Gangguan

811 43 2
                                    

Jata mengamati perempuan mungil yang kini duduk di sofa sambil memangku kakinya. "Nggak sakit pahamu kutaruh kaki?"

Di luar perkiraan, Puput tersenyum manis sambil menggeleng. Sejurus kemudian, jemari lentiknya bekerja dengan cekatan. Sisa darah dibersihkan dengan kasa dan lukanya dioles antiseptik. Jata hendak mendesis karena nyeri, namun malu dengan sang istri.

"Kak, kukunya beneran nyaris lepas," ujar Puput. "Mau kucabut sekalian?"

Jata sontak menarik kaki. "Jangaaan!"

Puput terkekeh melihat tingkah kekanakan lelaki berbadan tinggi besar itu. Matanya yang bulat besar menyipit dan melengkung. Pipinya mencembung akibat bibir yang tertarik ke atas. Jantung Jata langsung berdenyut dengan keras.

"Iya, iya. Tenang aja. Aku cuma bercanda. Sini ditaruh lagi kakimu, Kak."

Dengan hati-hati Jata meletakkan kembali kakinya di pangkuan Puput.
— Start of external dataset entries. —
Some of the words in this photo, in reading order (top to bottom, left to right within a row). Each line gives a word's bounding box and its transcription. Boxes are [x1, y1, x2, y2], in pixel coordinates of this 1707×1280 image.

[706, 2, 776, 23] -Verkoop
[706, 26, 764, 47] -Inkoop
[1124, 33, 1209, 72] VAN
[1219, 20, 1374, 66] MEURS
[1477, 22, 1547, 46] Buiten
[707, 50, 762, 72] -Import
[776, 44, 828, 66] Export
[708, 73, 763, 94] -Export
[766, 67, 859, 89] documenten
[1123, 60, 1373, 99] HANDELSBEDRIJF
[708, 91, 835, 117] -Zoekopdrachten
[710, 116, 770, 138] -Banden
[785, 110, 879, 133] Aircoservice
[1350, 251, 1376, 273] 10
Beberapa menit kemudian, ibu jari itu telah terbungkus kain kasa dengan rapi.

"Mau kupijat kakimu?" Puput menawarkan diri.
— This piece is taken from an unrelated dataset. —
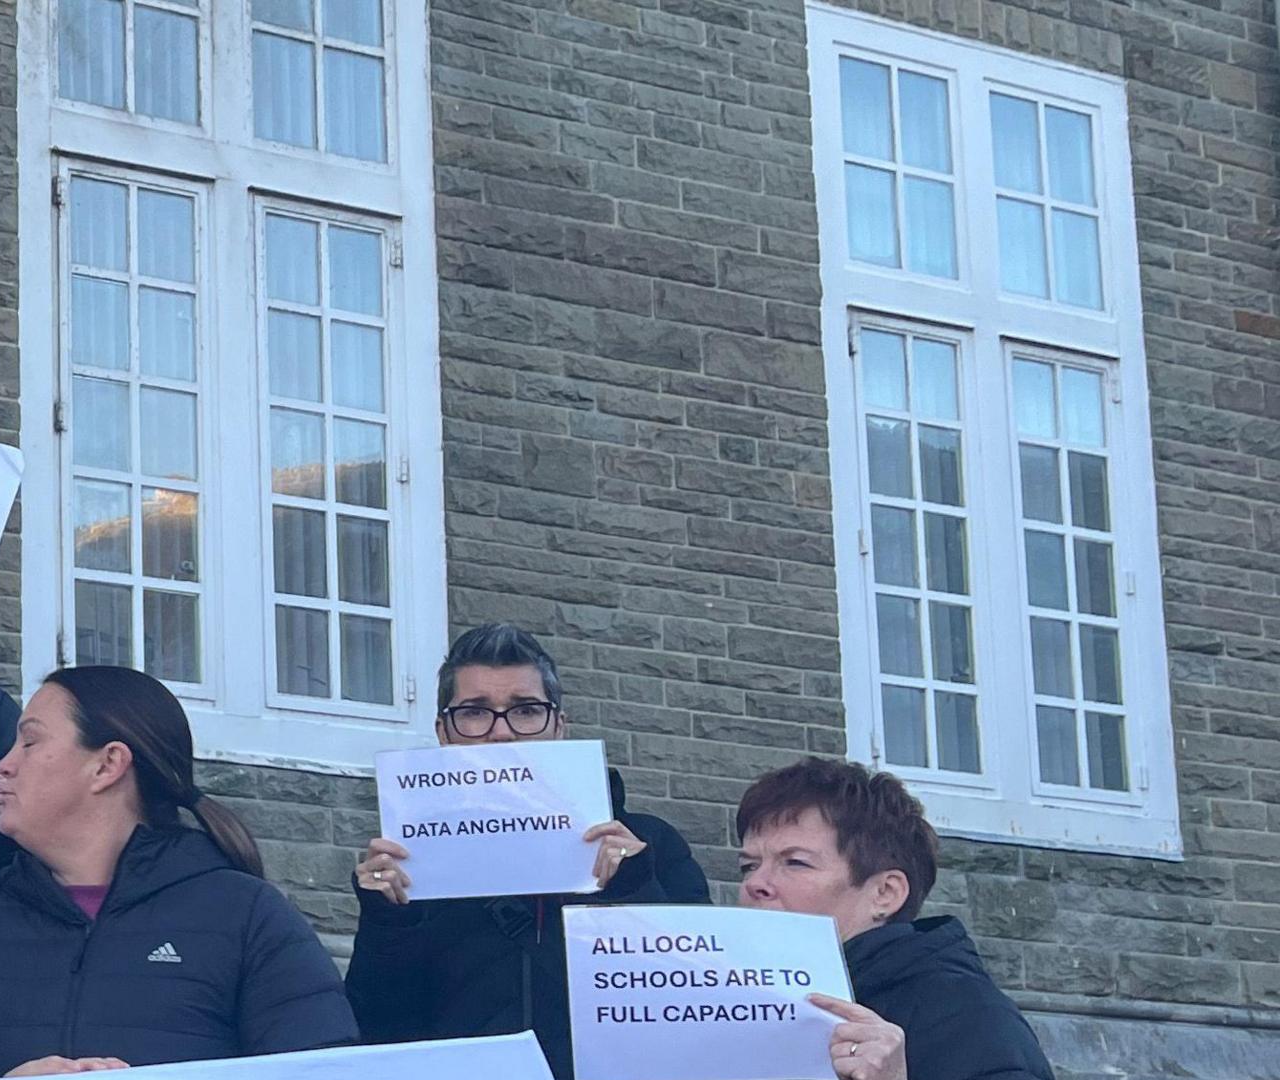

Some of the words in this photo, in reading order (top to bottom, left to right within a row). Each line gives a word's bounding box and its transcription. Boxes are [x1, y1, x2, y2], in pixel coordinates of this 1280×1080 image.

Jata menatap dengan was-was. Setelah berhari-hari mendapat kata-kata ketus, nada lembut itu justru terasa aneh.

"Mau nggak?" Puput mengulang tawarannya. Wajahnya terlihat polos. Jata mengiyakan dengan segera.
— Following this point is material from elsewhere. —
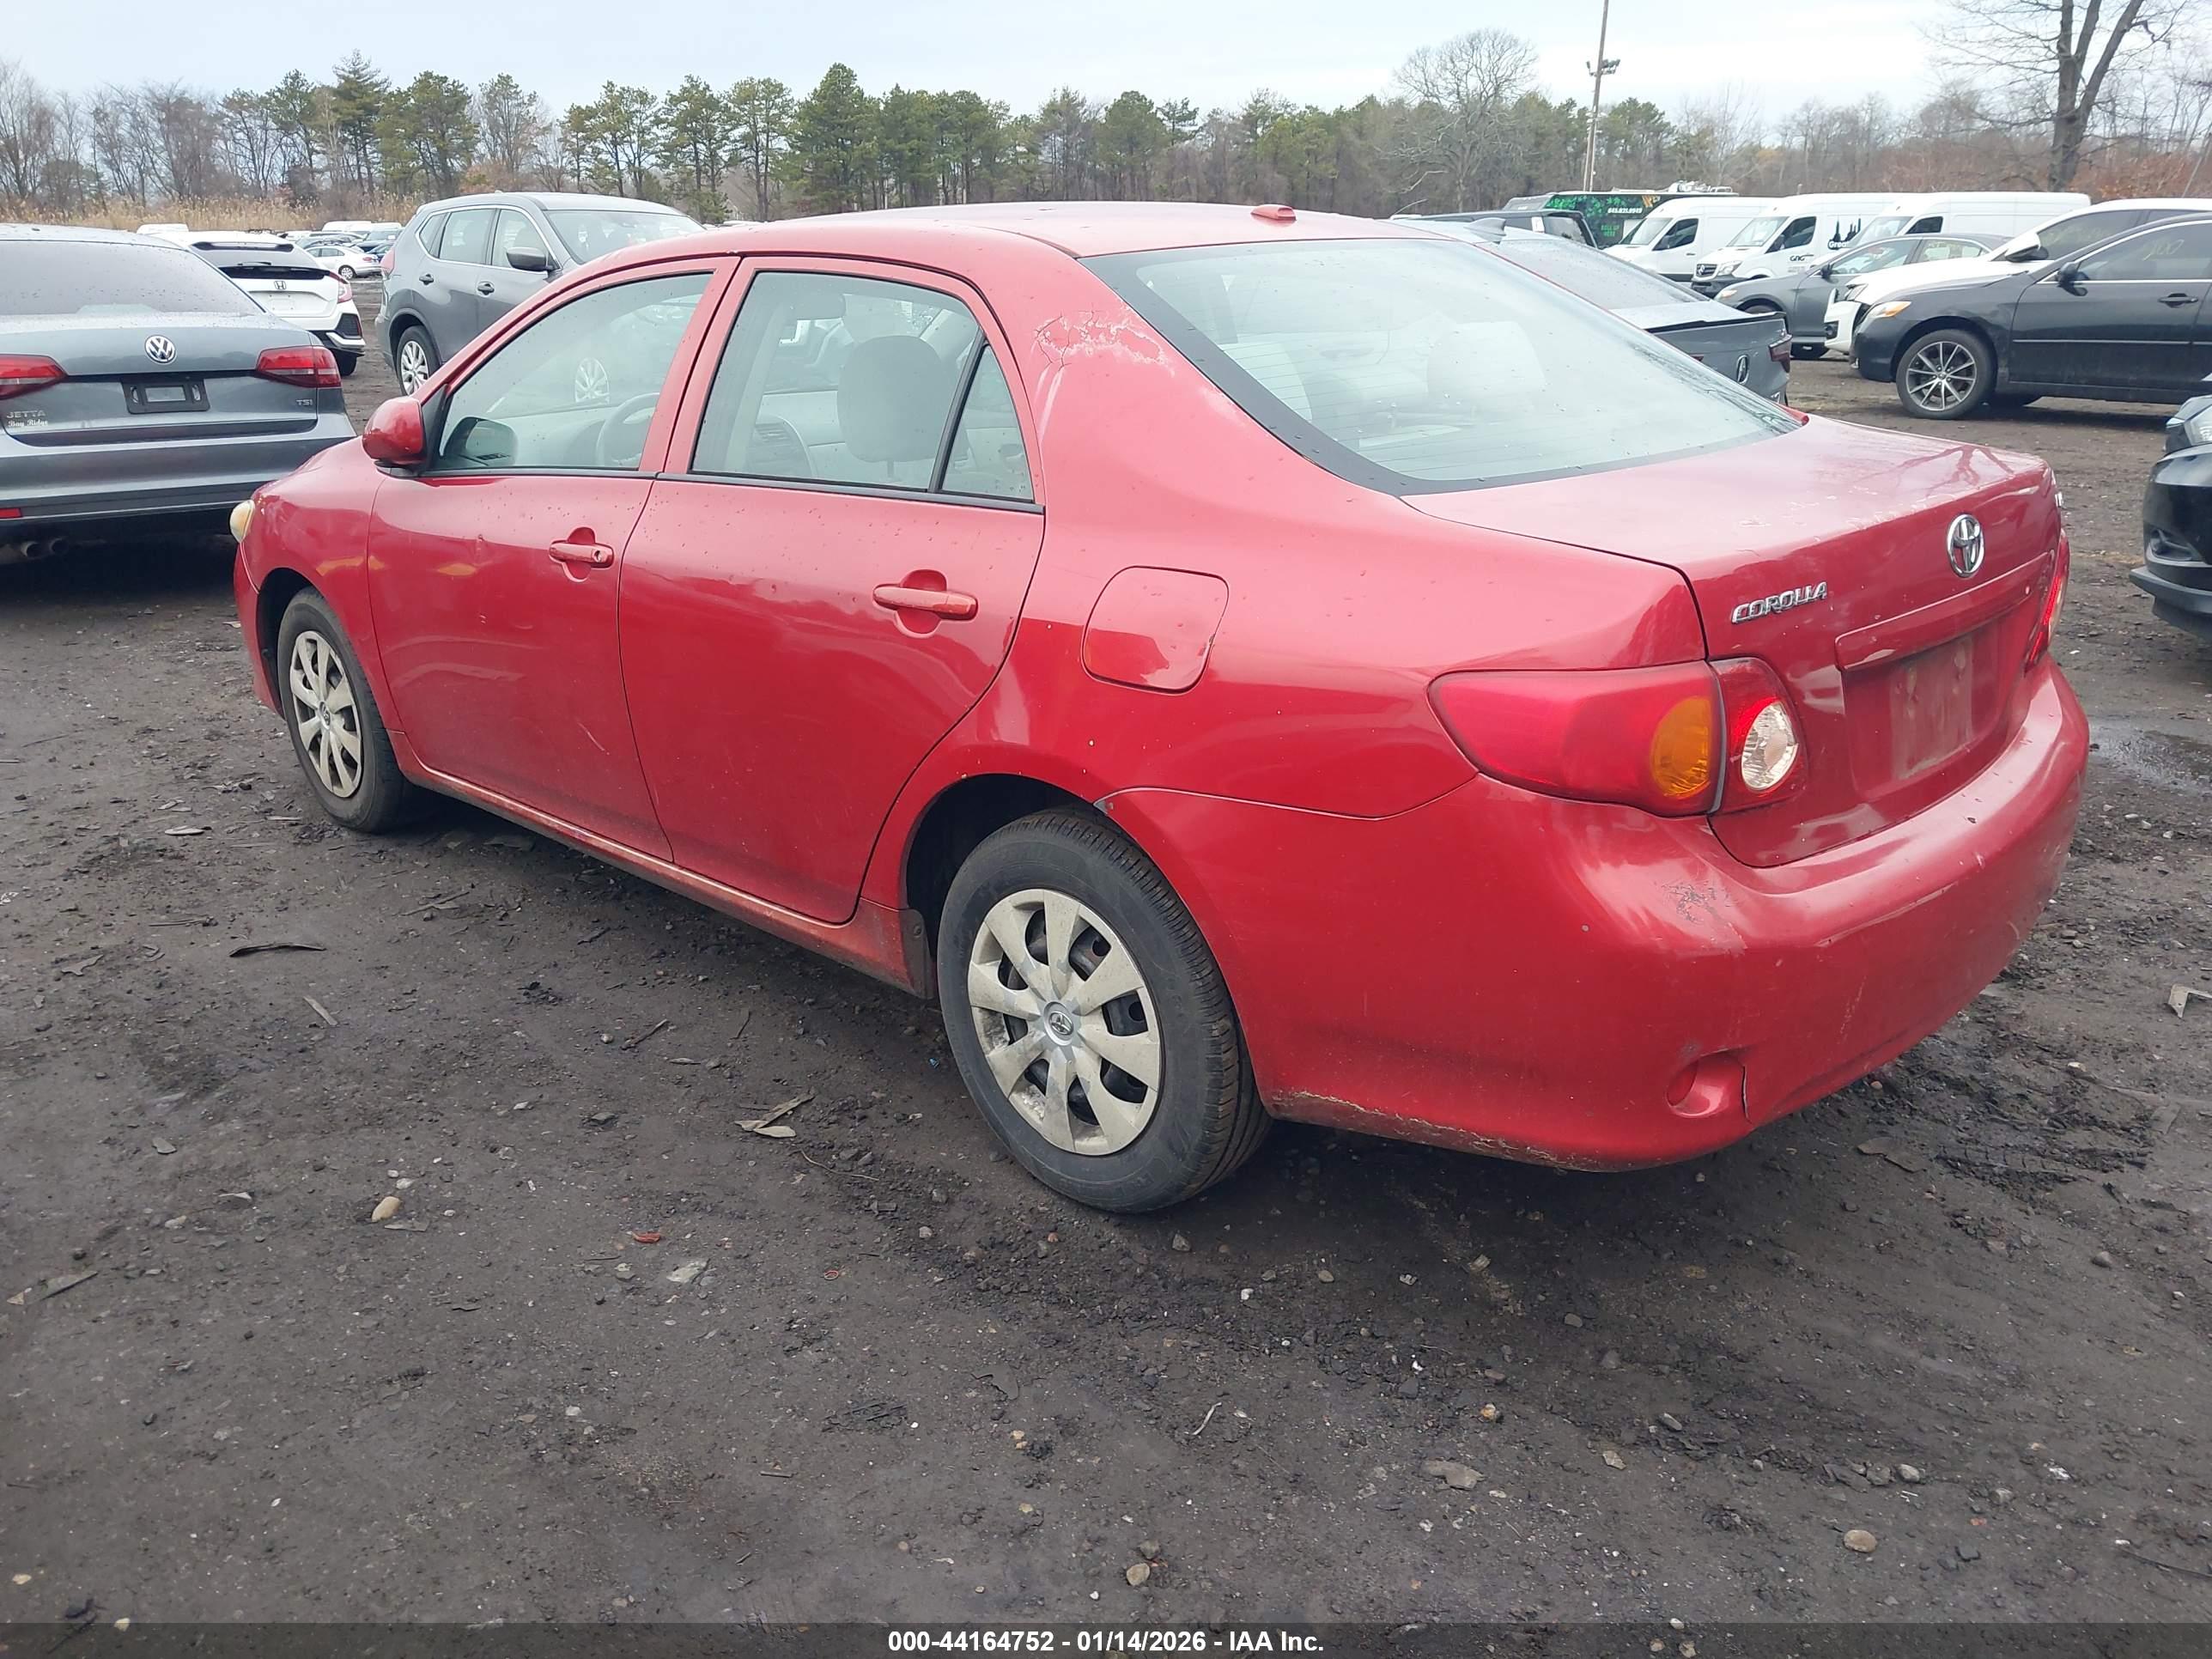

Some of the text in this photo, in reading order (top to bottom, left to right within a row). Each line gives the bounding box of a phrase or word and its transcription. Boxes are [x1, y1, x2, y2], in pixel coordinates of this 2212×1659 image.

Puput membubuhkan minyak urut sebelum bekerja. "Kalau habis terluka itu sebaiknya dipijat, biar peredaran darahnya lancar dan lukanya cepat sembuh."

Jata sungguh takjub. Baru sekali ini Puput memanjakannya dengan pijatan. "Makasih, Sayang."

Senyum Puput kembali terulas. Sejenak kemudian keduanya terdiam dalam perasan masing-masing. Jata sangat menikmati sentuhan itu. Puput benar. Ototnya yang tegang segera mengendur dan ia mulai mengantuk.

"Aku heran, kamu kok nggak banyak bulu seperti Papa, Mas Putra dan Mas Dwi," celetuk Puput.

Jata tidak jadi terlena. "Entahlah. Barangkali keturunan. Keluargaku juga begitu. Kenapa, Put?"

Puput menggeleng dan nyengir lebar.

"Kenapa? Kamu suka yang berbulu seperti kakak-kakakmu?"

Senyum Puput hilang seketika. "Jangan ngajak berantem dong, Kak! Masih mau dipijat, nggak?"

"Aku bercanda, Sayang!"

Puput mendengkus. Kaki Jata diturunkan dari pangkuan. "Sayang, sayang!" gerutunya, namun mulutnya tersenyum.

Jata menjadi gemas sekali. "Mau kuberi hadiah untuk pijatan tadi? Sini, kupeluk."

Puput mendekat tanpa perlawanan. Tubuh mungil itu tenggelam dalam pelukan. Jata menikmati kedekatan itu dengan hati berdebar. Akankah sesudah ini kesempatan itu datang lagi, yaitu percobaan ke-20? Disesapnya aroma manis sang istri sambil memejamkan mata.

"Kak?" bisik Puput.

"Ya?" jawab Jata dengan suara serak karena darahnya mulai mengalir dengan deras.

"Bisa nggak kita begini saja malam ini, pelukan saja? Aku belum siap."

Darah Jata mengalir entah ke mana. Yang jelas ada secuil hati yang rontok di dalam sana. Percobaan ke-20 gagal bahkan saat masih berupa wacana. Sial!

"Kaak?" pinta Puput dengan memelas.

"Iya," jawab suaminya dengan nada lemas. Sejenak keduanya terdiam untuk merenungkan suasana tenang yang tercipta.

Suara jangkrik bersahutan di luar. Kata orang, itu suara jangkrik jantan yang berusaha memanggil jangkrik betina. Jata mulai menilai situasi. Kalau para pejantan itu masih berteriak-teriak, berarti mereka belum mendapatkan pasangan, bukan? Ia heran, tiba-tiba saja ingin menertawakan jangkrik-jangkrik jantan itu. Nasib mereka lebih buruk dari dirinya. Setidaknya istrinya berada dalam pelukan dan dirinya tidak perlu berteriak sepanjang malam.